今のところクリアした感情は1つ。悲しみ。
ちなみに言っておくが、私には全ての感情が備わっていないわけではない。例えば喜びや、楽しみといった比較的プラスよりな感情は持ち合わせている。泣いたことはなくとも、笑ったことなら幾度となくある。
悲しみについては、理解するのに3ヶ月間…76冊の本で完璧に理解した。今では悲しみマスターともいえるであろう。…たとえそれらの本で涙が出なかったとしても。大切なのは、理解すること。共感し、涙を流すことではない。

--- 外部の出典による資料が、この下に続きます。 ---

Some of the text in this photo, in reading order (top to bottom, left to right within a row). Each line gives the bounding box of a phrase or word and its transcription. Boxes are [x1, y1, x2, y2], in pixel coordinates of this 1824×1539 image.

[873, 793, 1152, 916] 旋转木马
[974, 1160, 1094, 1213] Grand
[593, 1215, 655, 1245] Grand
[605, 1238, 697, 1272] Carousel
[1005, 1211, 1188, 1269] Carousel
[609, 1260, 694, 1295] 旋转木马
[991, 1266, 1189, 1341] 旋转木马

気持ちや感情を理解するため、放課後に図書館に通う。これが誰も知らない、私だけの私の、面白くもない現実味のない秘密。
- Re: だから私は君に恋はしない。 ( No.3 )
- 日時: 2017/01/15 21:33
- 名前: コハク (ID: nCjVBvXr)
{episode 1}
学校から図書館はそれほど遠くない。裏門から出て、道なりをまっすぐに行けばすぐに着く。くるみ図書館という名前で、なかなかキラキラというか可愛らしい名前だと思う。ちなみに私はくるみを好まない。味は嫌いじゃないけど、なんというか…食感かな、うん。
でもくるみ図書館は好きだ。
この図書館の一番の良いところは、利用者がほとんどいないところ。いや、正式にはたくさんいるのだろうが、私の行く時間帯には大抵誰もいない。

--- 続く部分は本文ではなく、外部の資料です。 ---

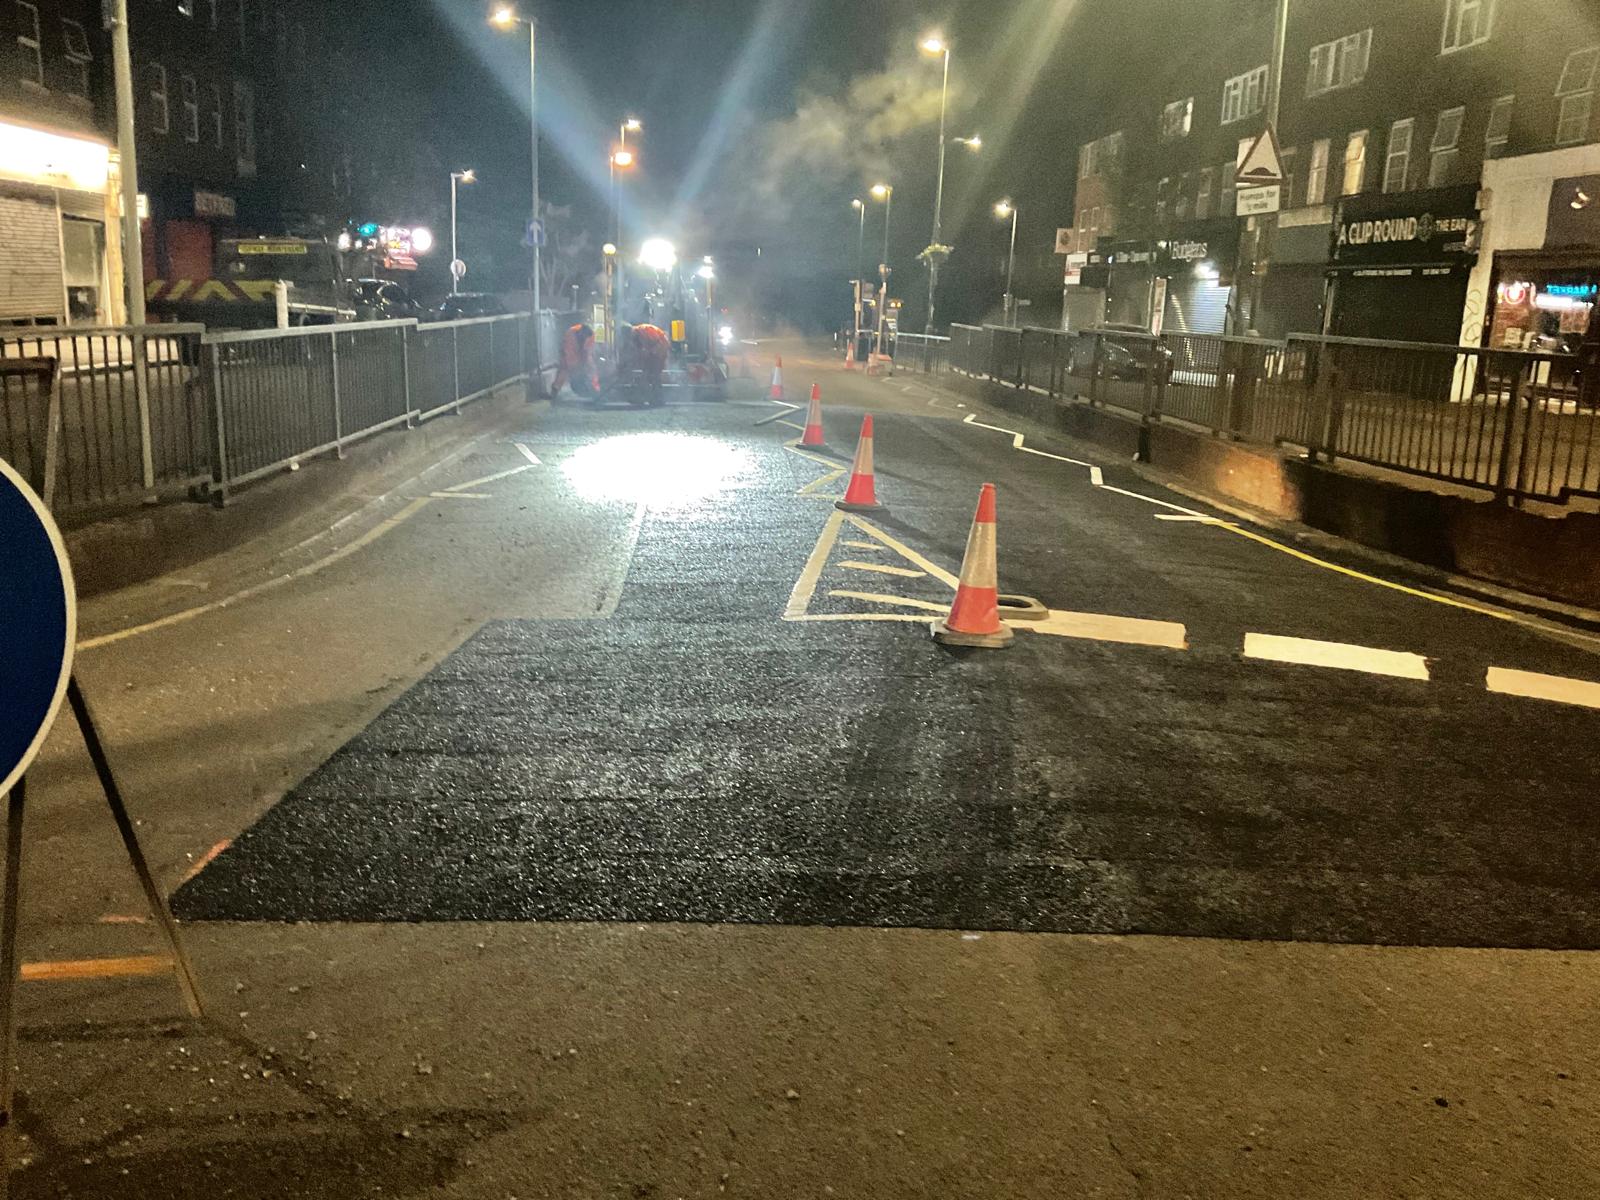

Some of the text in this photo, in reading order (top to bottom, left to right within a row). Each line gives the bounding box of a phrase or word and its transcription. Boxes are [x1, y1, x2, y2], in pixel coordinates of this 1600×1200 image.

静かな雰囲気の中で一人本を読みふけり、さらには感情も手に入れられる。最高じゃないか。くるみ図書館万歳。
さて、今日もそんなことを考えている間に着いた。
いつも通り、扉の前にはくるみを頬張るリスが待ち構えている。木製ものらしく、自然の茶色が綺麗だ。
今日からは、悲しみに続いて…恋心を。調べたみたところ、女子高校生は恋心を持つ人が多いらしく、花湖ちゃんも以前から
「恋話しよー!」
とよく言っているため、理解しないと感情が欠けていることがバレる可能性がある。つまり、早急な恋への理解が必要だ。
適当にネットで引っかかった本を探し、手に取る。そして、毎度私の座る席に持って行き、読み始める。
ピラっと小さな音を立てて、本からメモサイズの紙が落ちる。それには、綺麗な字で
[1日だけ、私と出かけてくれる人を募集しています。]
と書かれている。
住所も電話番号も何も書かれていない。これでは多分誰とも出かけられない。
残念だけど、私にはどうしようもできないし関わると面倒そう…そんな想いを込めて、もともと差し込んであった本のページに入れなおす。
手紙にして本に挟むくらいだから、よっぽど何かあったんだろう。誰か勘がめちゃくちゃ効く人か、テレパシーを持った人に見つけてもらえるといいな。